[Input data — start]

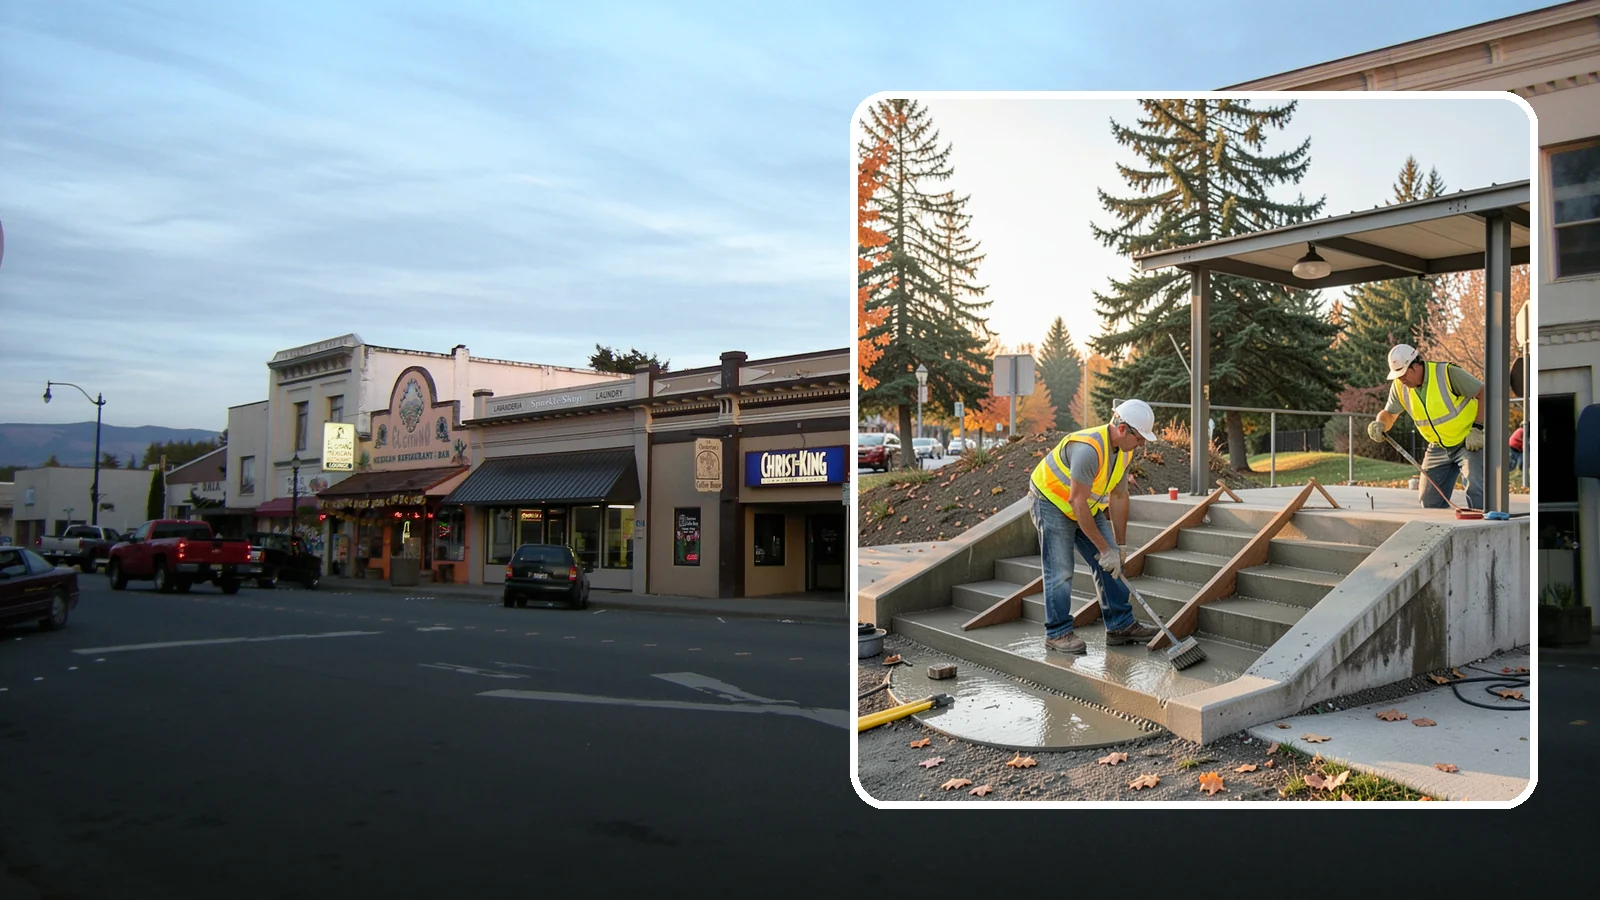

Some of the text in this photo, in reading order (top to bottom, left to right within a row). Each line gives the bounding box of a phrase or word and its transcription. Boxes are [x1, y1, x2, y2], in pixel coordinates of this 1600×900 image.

[494, 389, 624, 413] LAVANDERIA Sparkle Shop LAUNDRY
[391, 425, 401, 449] EL
[373, 454, 396, 464] MEXICAN
[397, 451, 433, 462] RESTAURANT
[438, 450, 450, 459] BAR
[696, 480, 721, 489] Coffee House
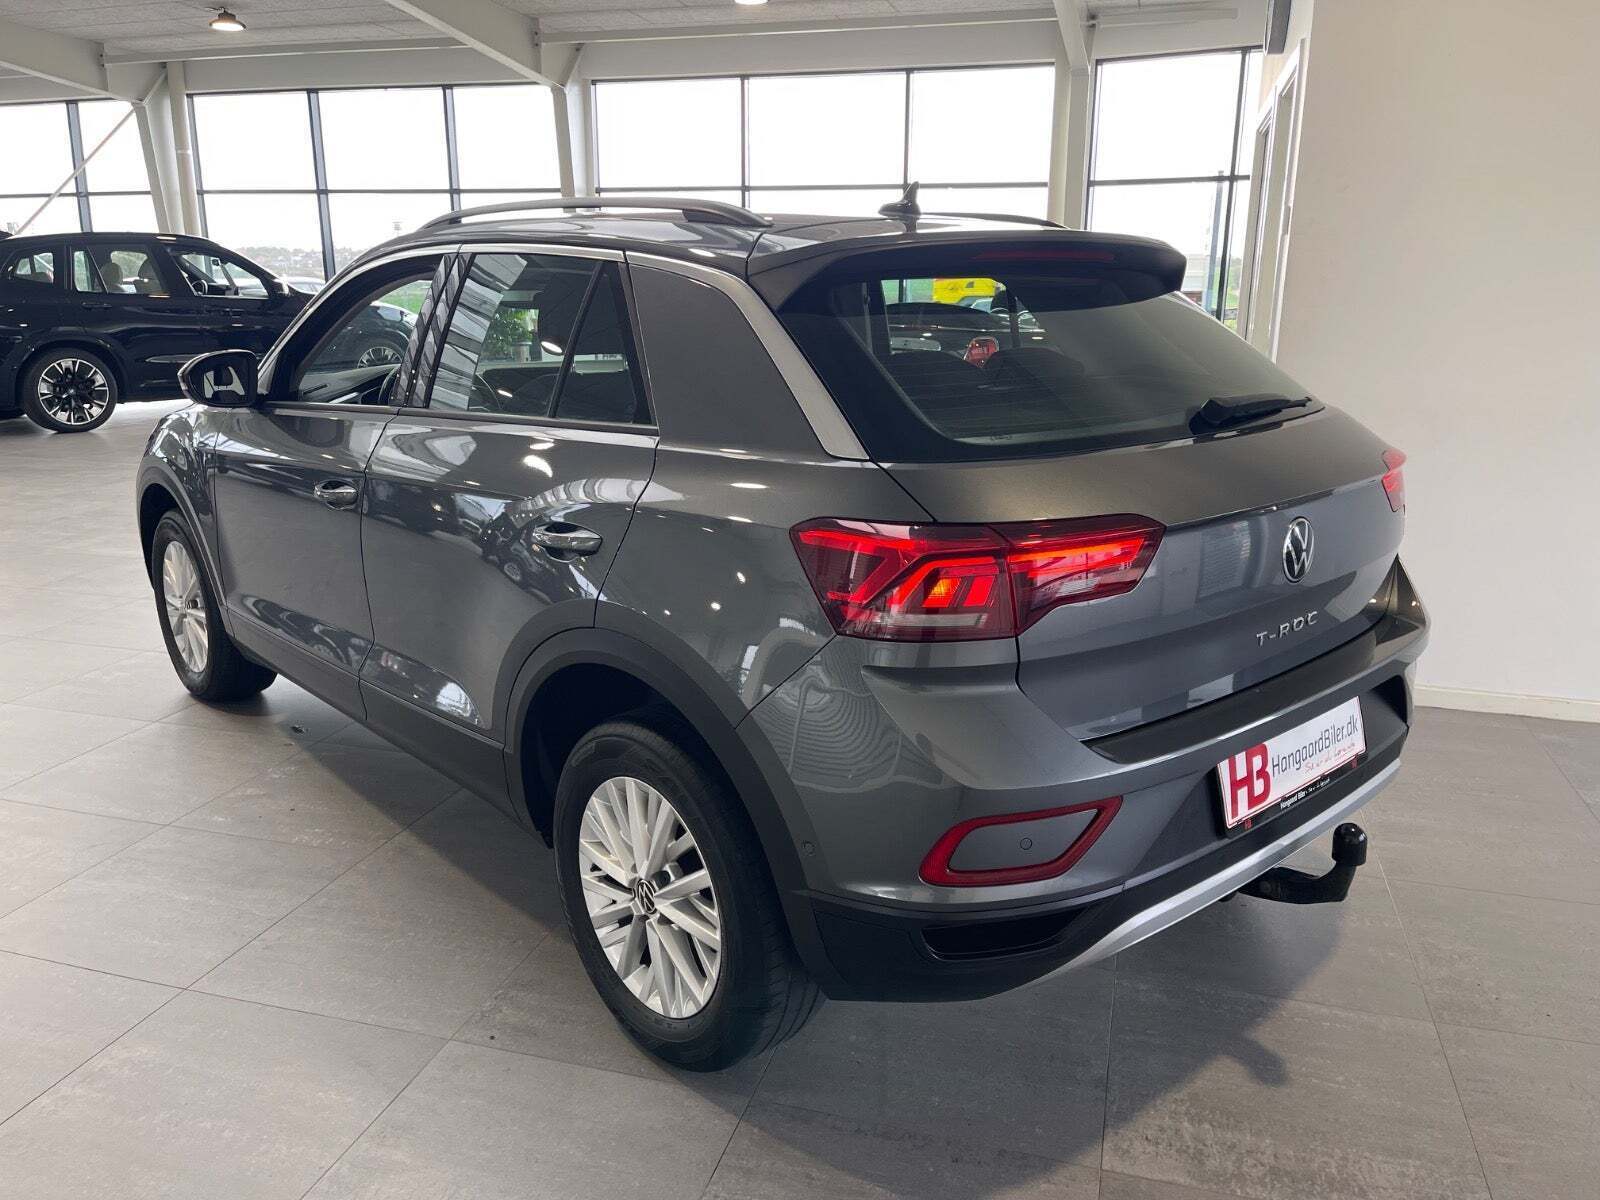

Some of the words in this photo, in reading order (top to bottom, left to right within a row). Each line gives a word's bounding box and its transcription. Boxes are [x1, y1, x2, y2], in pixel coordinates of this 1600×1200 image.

[1256, 611, 1318, 647] T-ROC
[1271, 714, 1359, 777] HangaardBiler.dk
[1227, 743, 1271, 819] HB

[Input data — finish]

§ Exercise
Return the records above in their entirety, word for word, with the pictures removed.

§ Completed exercise
Some of the text in this photo, in reading order (top to bottom, left to right within a row). Each line gives the bounding box of a phrase or word and its transcription. Boxes are [x1, y1, x2, y2], in pixel coordinates of this 1600×900 image.

[494, 389, 624, 413] LAVANDERIA Sparkle Shop LAUNDRY
[391, 425, 401, 449] EL
[373, 454, 396, 464] MEXICAN
[397, 451, 433, 462] RESTAURANT
[438, 450, 450, 459] BAR
[696, 480, 721, 489] Coffee House

Some of the words in this photo, in reading order (top to bottom, left to right within a row). Each line gives a word's bounding box and its transcription. Boxes are [x1, y1, x2, y2], in pixel coordinates of this 1600×1200 image.

[1256, 611, 1318, 647] T-ROC
[1271, 714, 1359, 777] HangaardBiler.dk
[1227, 743, 1271, 819] HB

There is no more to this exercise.